## STUDY MATERIAL
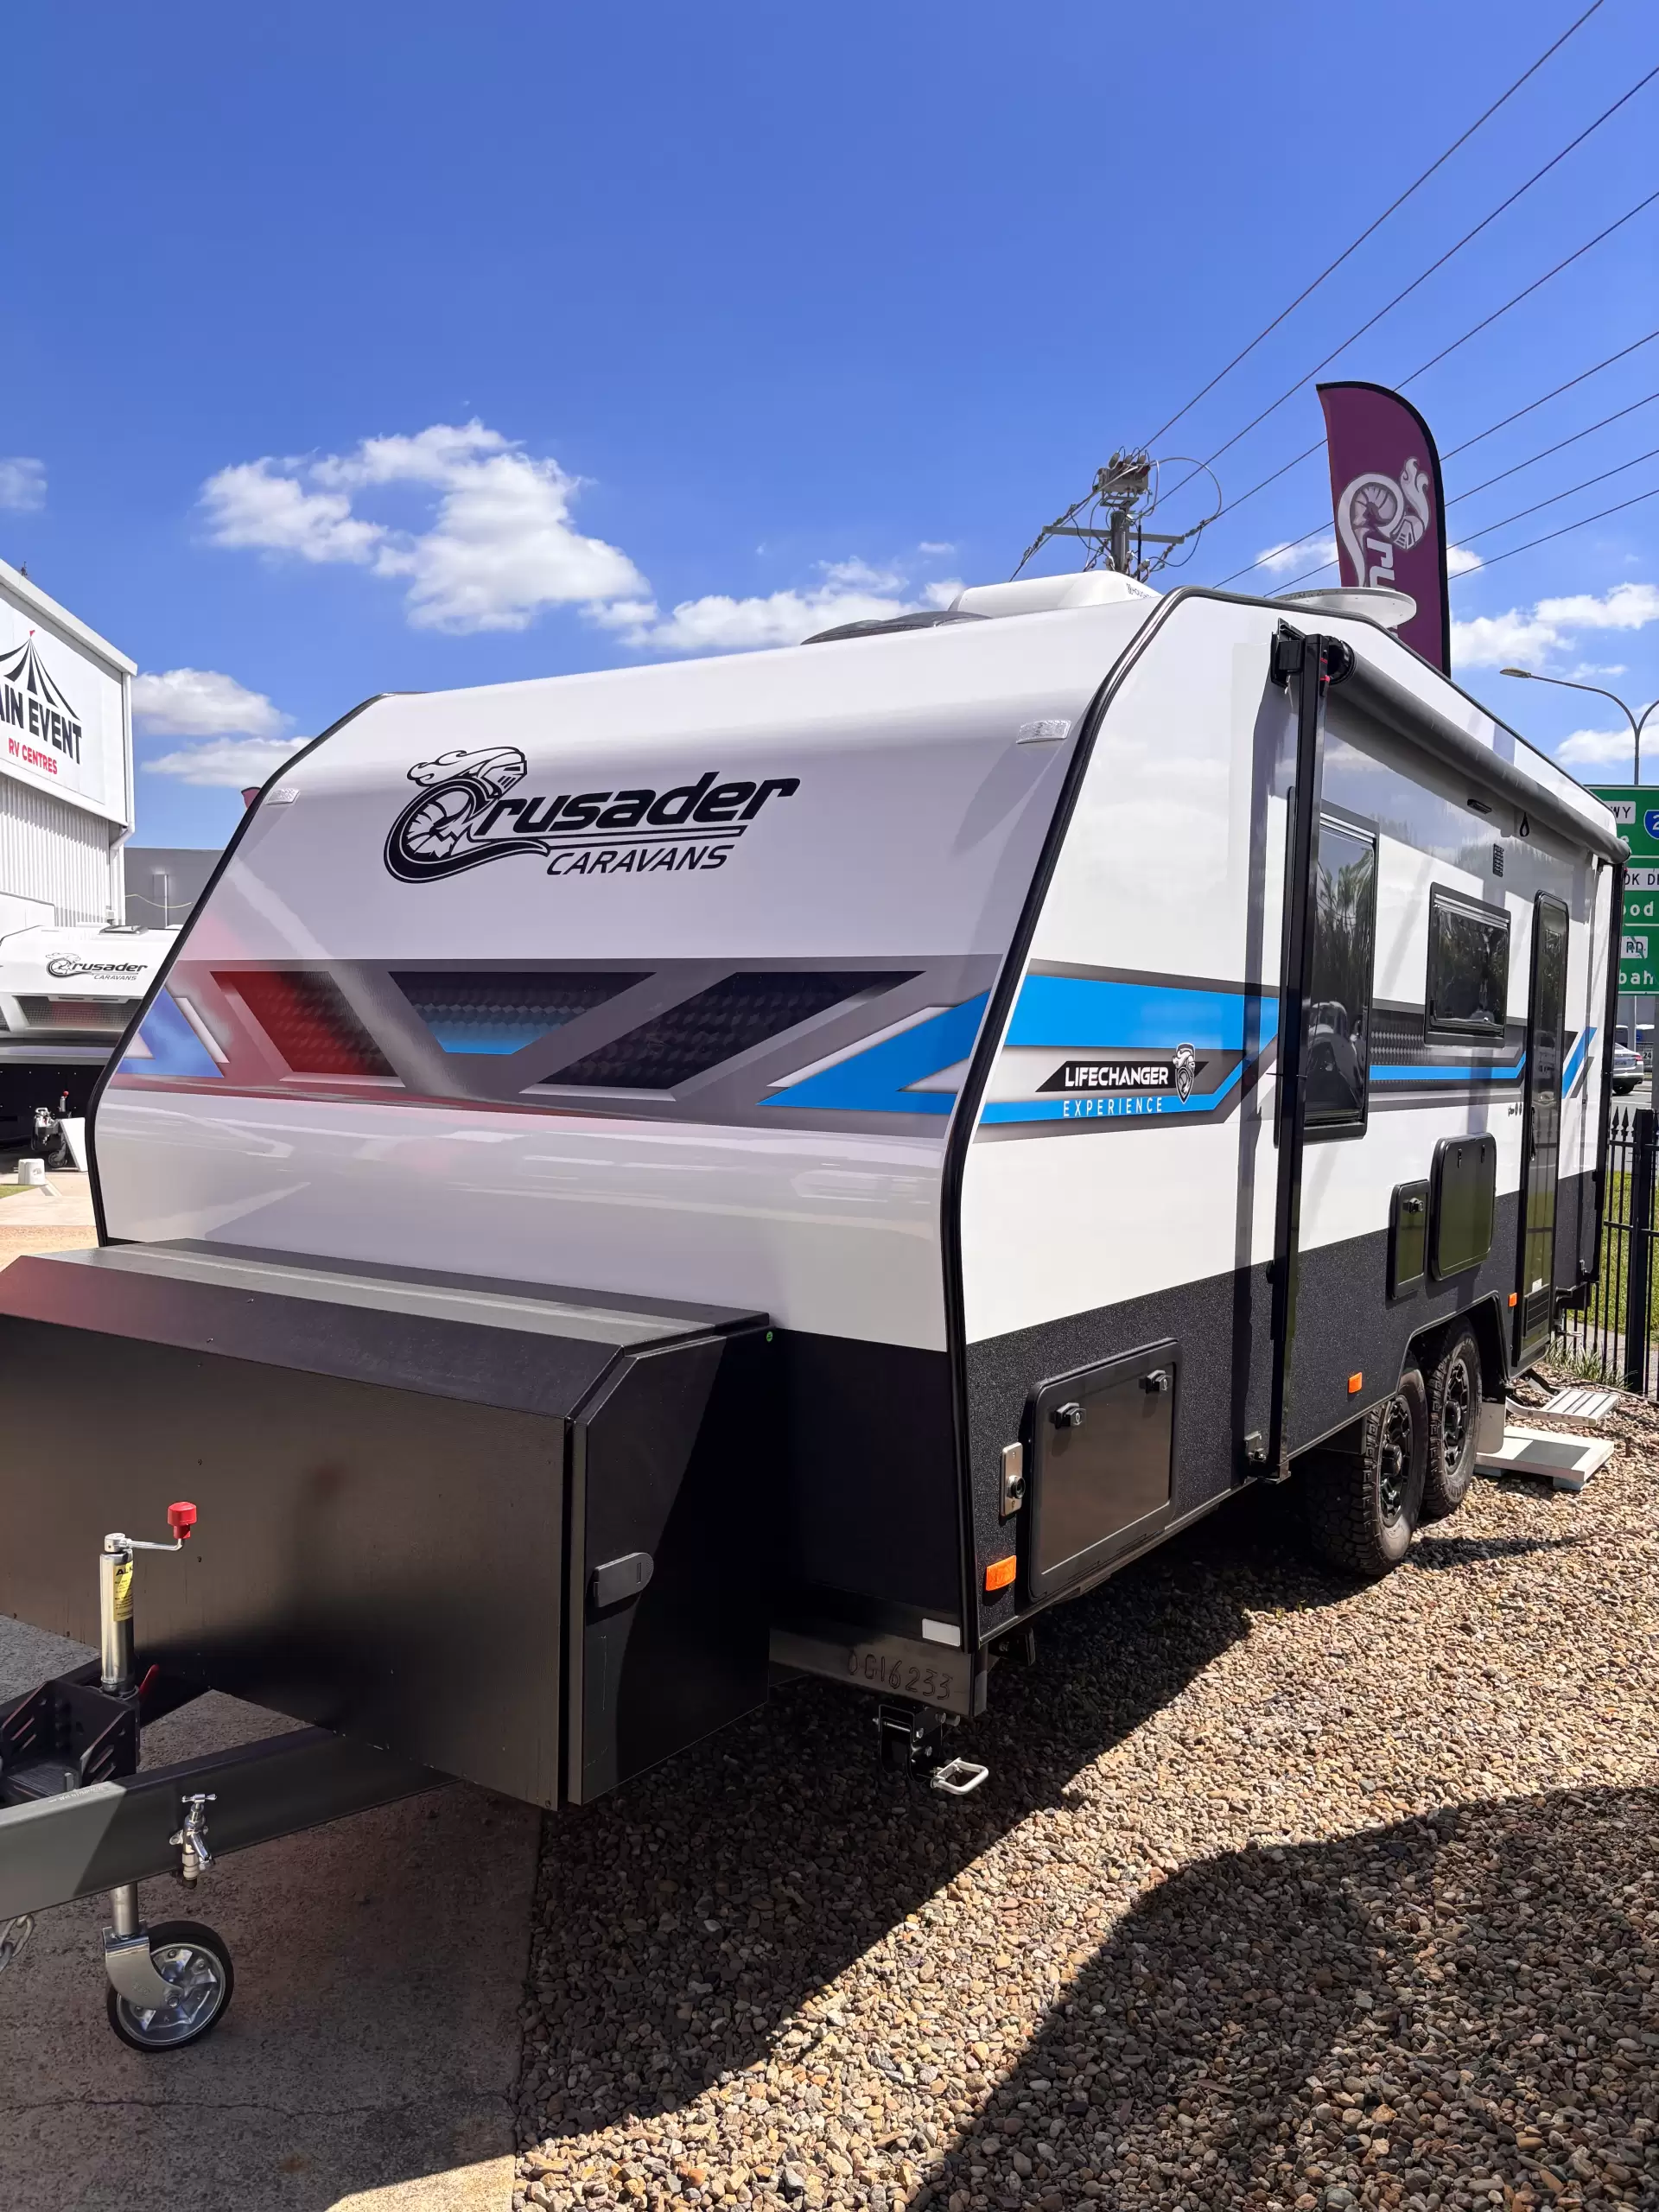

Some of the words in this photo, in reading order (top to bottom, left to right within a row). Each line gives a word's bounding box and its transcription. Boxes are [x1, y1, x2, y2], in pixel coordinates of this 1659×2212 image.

[29, 697, 82, 765] EVENT
[9, 737, 19, 757] RV
[22, 745, 58, 774] CENTRES
[546, 844, 735, 875] CARAVANS
[1065, 1066, 1168, 1087] LIFECHANGER
[1064, 1097, 1162, 1116] EXPERIENCE

## DIRECTIONS
Output the records exactly, and let none of their pictures appear in the copy.

## PROBLEM SOLUTION
Some of the words in this photo, in reading order (top to bottom, left to right within a row). Each line gives a word's bounding box and its transcription. Boxes are [x1, y1, x2, y2], in pixel coordinates of this 1659×2212 image.

[29, 697, 82, 765] EVENT
[9, 737, 19, 757] RV
[22, 745, 58, 774] CENTRES
[546, 844, 735, 875] CARAVANS
[1065, 1066, 1168, 1087] LIFECHANGER
[1064, 1097, 1162, 1116] EXPERIENCE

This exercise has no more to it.